*** Block opens ***
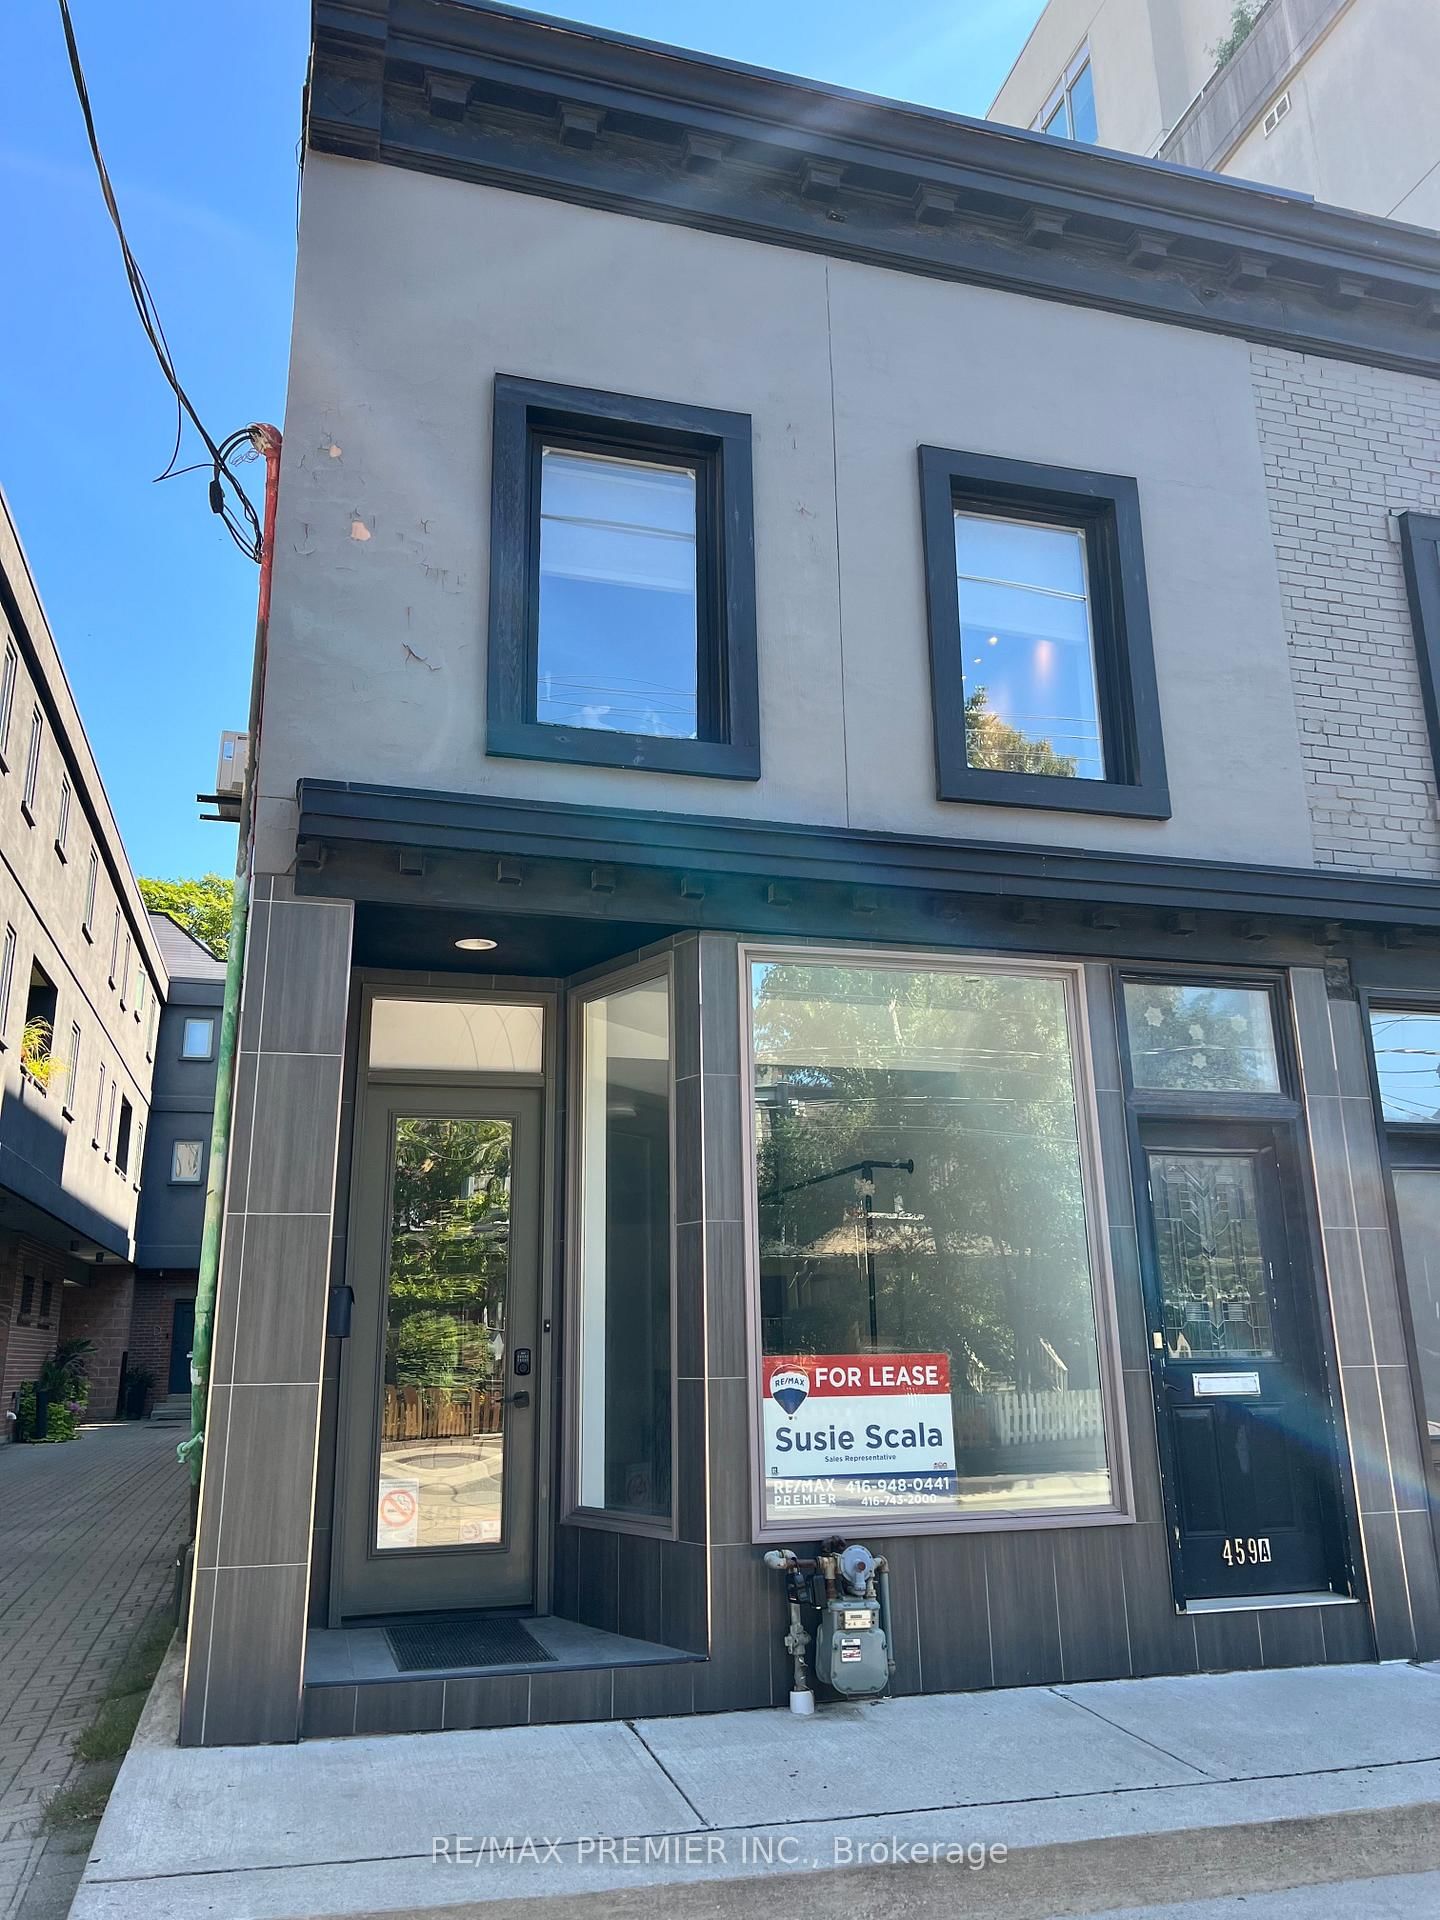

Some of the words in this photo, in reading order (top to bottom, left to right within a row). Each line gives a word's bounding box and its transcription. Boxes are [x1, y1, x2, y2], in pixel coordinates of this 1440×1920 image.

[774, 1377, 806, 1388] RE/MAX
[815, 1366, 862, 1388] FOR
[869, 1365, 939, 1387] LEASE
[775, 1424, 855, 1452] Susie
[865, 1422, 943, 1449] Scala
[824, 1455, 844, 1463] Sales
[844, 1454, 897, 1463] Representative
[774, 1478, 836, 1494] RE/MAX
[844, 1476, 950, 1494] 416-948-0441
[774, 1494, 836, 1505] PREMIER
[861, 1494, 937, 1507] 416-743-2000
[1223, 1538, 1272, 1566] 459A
*** Block closes ***
(What is expected) Give back the records above exactly, with no pictures.

(Answer to this problem)
Some of the words in this photo, in reading order (top to bottom, left to right within a row). Each line gives a word's bounding box and its transcription. Boxes are [x1, y1, x2, y2], in pixel coordinates of this 1440×1920 image.

[774, 1377, 806, 1388] RE/MAX
[815, 1366, 862, 1388] FOR
[869, 1365, 939, 1387] LEASE
[775, 1424, 855, 1452] Susie
[865, 1422, 943, 1449] Scala
[824, 1455, 844, 1463] Sales
[844, 1454, 897, 1463] Representative
[774, 1478, 836, 1494] RE/MAX
[844, 1476, 950, 1494] 416-948-0441
[774, 1494, 836, 1505] PREMIER
[861, 1494, 937, 1507] 416-743-2000
[1223, 1538, 1272, 1566] 459A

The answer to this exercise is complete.